Problem requirements
The output should match the data below line for line.

The records
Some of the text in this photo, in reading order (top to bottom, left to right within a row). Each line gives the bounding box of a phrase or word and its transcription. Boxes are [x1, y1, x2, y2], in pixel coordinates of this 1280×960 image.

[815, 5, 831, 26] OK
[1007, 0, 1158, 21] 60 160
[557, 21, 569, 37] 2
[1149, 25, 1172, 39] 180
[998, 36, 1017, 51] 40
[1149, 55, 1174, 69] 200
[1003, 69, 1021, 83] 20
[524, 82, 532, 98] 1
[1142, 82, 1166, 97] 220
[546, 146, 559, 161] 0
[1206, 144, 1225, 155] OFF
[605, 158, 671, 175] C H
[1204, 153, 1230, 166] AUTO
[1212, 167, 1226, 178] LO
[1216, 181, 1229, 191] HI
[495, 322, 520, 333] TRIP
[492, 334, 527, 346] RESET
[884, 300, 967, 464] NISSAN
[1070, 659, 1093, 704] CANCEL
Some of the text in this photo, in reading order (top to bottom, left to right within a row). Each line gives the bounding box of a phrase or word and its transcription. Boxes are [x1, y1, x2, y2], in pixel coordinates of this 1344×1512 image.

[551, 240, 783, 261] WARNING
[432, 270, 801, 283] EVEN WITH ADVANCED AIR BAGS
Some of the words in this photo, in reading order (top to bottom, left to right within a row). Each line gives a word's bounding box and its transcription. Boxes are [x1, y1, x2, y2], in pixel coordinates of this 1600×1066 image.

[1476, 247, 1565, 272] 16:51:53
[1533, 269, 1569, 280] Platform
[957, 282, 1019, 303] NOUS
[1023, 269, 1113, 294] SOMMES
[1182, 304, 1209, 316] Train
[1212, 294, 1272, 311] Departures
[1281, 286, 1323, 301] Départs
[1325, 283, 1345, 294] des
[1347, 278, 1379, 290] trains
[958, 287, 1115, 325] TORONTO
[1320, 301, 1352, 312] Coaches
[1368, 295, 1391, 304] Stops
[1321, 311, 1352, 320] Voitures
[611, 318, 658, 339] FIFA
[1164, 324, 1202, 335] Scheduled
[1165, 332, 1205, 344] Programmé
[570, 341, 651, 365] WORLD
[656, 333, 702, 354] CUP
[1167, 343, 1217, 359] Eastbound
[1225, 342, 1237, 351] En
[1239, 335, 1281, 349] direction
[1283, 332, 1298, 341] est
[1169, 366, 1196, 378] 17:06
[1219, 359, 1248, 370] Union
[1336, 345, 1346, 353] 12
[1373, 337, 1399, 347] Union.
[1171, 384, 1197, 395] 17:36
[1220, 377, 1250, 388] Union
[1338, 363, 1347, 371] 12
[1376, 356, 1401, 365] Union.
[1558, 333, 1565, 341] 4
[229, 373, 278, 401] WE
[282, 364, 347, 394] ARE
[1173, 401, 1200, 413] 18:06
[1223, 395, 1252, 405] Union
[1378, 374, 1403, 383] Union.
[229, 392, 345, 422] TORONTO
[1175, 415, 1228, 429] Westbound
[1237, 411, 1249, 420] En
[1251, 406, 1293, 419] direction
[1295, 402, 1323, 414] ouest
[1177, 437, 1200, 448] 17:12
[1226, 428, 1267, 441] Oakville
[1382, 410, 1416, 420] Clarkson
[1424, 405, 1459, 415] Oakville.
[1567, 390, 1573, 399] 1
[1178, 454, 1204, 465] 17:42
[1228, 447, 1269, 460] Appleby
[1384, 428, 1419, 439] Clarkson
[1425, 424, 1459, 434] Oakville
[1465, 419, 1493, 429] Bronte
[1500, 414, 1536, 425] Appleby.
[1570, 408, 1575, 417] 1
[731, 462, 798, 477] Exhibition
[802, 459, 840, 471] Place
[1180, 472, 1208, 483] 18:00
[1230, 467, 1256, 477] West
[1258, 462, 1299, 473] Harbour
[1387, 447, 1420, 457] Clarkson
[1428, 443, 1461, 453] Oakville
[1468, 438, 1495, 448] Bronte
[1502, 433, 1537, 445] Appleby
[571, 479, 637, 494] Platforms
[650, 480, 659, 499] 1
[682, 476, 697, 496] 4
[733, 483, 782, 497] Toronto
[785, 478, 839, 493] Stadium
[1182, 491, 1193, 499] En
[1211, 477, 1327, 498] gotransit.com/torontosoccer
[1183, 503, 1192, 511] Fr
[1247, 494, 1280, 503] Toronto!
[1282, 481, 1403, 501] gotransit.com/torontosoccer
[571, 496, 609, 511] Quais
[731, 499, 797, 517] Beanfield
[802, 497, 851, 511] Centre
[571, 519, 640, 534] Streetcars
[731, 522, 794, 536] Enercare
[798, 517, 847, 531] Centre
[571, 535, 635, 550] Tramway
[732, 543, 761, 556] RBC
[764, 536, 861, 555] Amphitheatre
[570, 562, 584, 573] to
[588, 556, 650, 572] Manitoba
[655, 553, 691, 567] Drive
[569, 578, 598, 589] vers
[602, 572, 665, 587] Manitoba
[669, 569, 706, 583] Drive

Solved problem
Some of the text in this photo, in reading order (top to bottom, left to right within a row). Each line gives the bounding box of a phrase or word and its transcription. Boxes are [x1, y1, x2, y2], in pixel coordinates of this 1280×960 image.

[815, 5, 831, 26] OK
[1007, 0, 1158, 21] 60 160
[557, 21, 569, 37] 2
[1149, 25, 1172, 39] 180
[998, 36, 1017, 51] 40
[1149, 55, 1174, 69] 200
[1003, 69, 1021, 83] 20
[524, 82, 532, 98] 1
[1142, 82, 1166, 97] 220
[546, 146, 559, 161] 0
[1206, 144, 1225, 155] OFF
[605, 158, 671, 175] C H
[1204, 153, 1230, 166] AUTO
[1212, 167, 1226, 178] LO
[1216, 181, 1229, 191] HI
[495, 322, 520, 333] TRIP
[492, 334, 527, 346] RESET
[884, 300, 967, 464] NISSAN
[1070, 659, 1093, 704] CANCEL
Some of the text in this photo, in reading order (top to bottom, left to right within a row). Each line gives the bounding box of a phrase or word and its transcription. Boxes are [x1, y1, x2, y2], in pixel coordinates of this 1344×1512 image.

[551, 240, 783, 261] WARNING
[432, 270, 801, 283] EVEN WITH ADVANCED AIR BAGS
Some of the words in this photo, in reading order (top to bottom, left to right within a row). Each line gives a word's bounding box and its transcription. Boxes are [x1, y1, x2, y2], in pixel coordinates of this 1600×1066 image.

[1476, 247, 1565, 272] 16:51:53
[1533, 269, 1569, 280] Platform
[957, 282, 1019, 303] NOUS
[1023, 269, 1113, 294] SOMMES
[1182, 304, 1209, 316] Train
[1212, 294, 1272, 311] Departures
[1281, 286, 1323, 301] Départs
[1325, 283, 1345, 294] des
[1347, 278, 1379, 290] trains
[958, 287, 1115, 325] TORONTO
[1320, 301, 1352, 312] Coaches
[1368, 295, 1391, 304] Stops
[1321, 311, 1352, 320] Voitures
[611, 318, 658, 339] FIFA
[1164, 324, 1202, 335] Scheduled
[1165, 332, 1205, 344] Programmé
[570, 341, 651, 365] WORLD
[656, 333, 702, 354] CUP
[1167, 343, 1217, 359] Eastbound
[1225, 342, 1237, 351] En
[1239, 335, 1281, 349] direction
[1283, 332, 1298, 341] est
[1169, 366, 1196, 378] 17:06
[1219, 359, 1248, 370] Union
[1336, 345, 1346, 353] 12
[1373, 337, 1399, 347] Union.
[1171, 384, 1197, 395] 17:36
[1220, 377, 1250, 388] Union
[1338, 363, 1347, 371] 12
[1376, 356, 1401, 365] Union.
[1558, 333, 1565, 341] 4
[229, 373, 278, 401] WE
[282, 364, 347, 394] ARE
[1173, 401, 1200, 413] 18:06
[1223, 395, 1252, 405] Union
[1378, 374, 1403, 383] Union.
[229, 392, 345, 422] TORONTO
[1175, 415, 1228, 429] Westbound
[1237, 411, 1249, 420] En
[1251, 406, 1293, 419] direction
[1295, 402, 1323, 414] ouest
[1177, 437, 1200, 448] 17:12
[1226, 428, 1267, 441] Oakville
[1382, 410, 1416, 420] Clarkson
[1424, 405, 1459, 415] Oakville.
[1567, 390, 1573, 399] 1
[1178, 454, 1204, 465] 17:42
[1228, 447, 1269, 460] Appleby
[1384, 428, 1419, 439] Clarkson
[1425, 424, 1459, 434] Oakville
[1465, 419, 1493, 429] Bronte
[1500, 414, 1536, 425] Appleby.
[1570, 408, 1575, 417] 1
[731, 462, 798, 477] Exhibition
[802, 459, 840, 471] Place
[1180, 472, 1208, 483] 18:00
[1230, 467, 1256, 477] West
[1258, 462, 1299, 473] Harbour
[1387, 447, 1420, 457] Clarkson
[1428, 443, 1461, 453] Oakville
[1468, 438, 1495, 448] Bronte
[1502, 433, 1537, 445] Appleby
[571, 479, 637, 494] Platforms
[650, 480, 659, 499] 1
[682, 476, 697, 496] 4
[733, 483, 782, 497] Toronto
[785, 478, 839, 493] Stadium
[1182, 491, 1193, 499] En
[1211, 477, 1327, 498] gotransit.com/torontosoccer
[1183, 503, 1192, 511] Fr
[1247, 494, 1280, 503] Toronto!
[1282, 481, 1403, 501] gotransit.com/torontosoccer
[571, 496, 609, 511] Quais
[731, 499, 797, 517] Beanfield
[802, 497, 851, 511] Centre
[571, 519, 640, 534] Streetcars
[731, 522, 794, 536] Enercare
[798, 517, 847, 531] Centre
[571, 535, 635, 550] Tramway
[732, 543, 761, 556] RBC
[764, 536, 861, 555] Amphitheatre
[570, 562, 584, 573] to
[588, 556, 650, 572] Manitoba
[655, 553, 691, 567] Drive
[569, 578, 598, 589] vers
[602, 572, 665, 587] Manitoba
[669, 569, 706, 583] Drive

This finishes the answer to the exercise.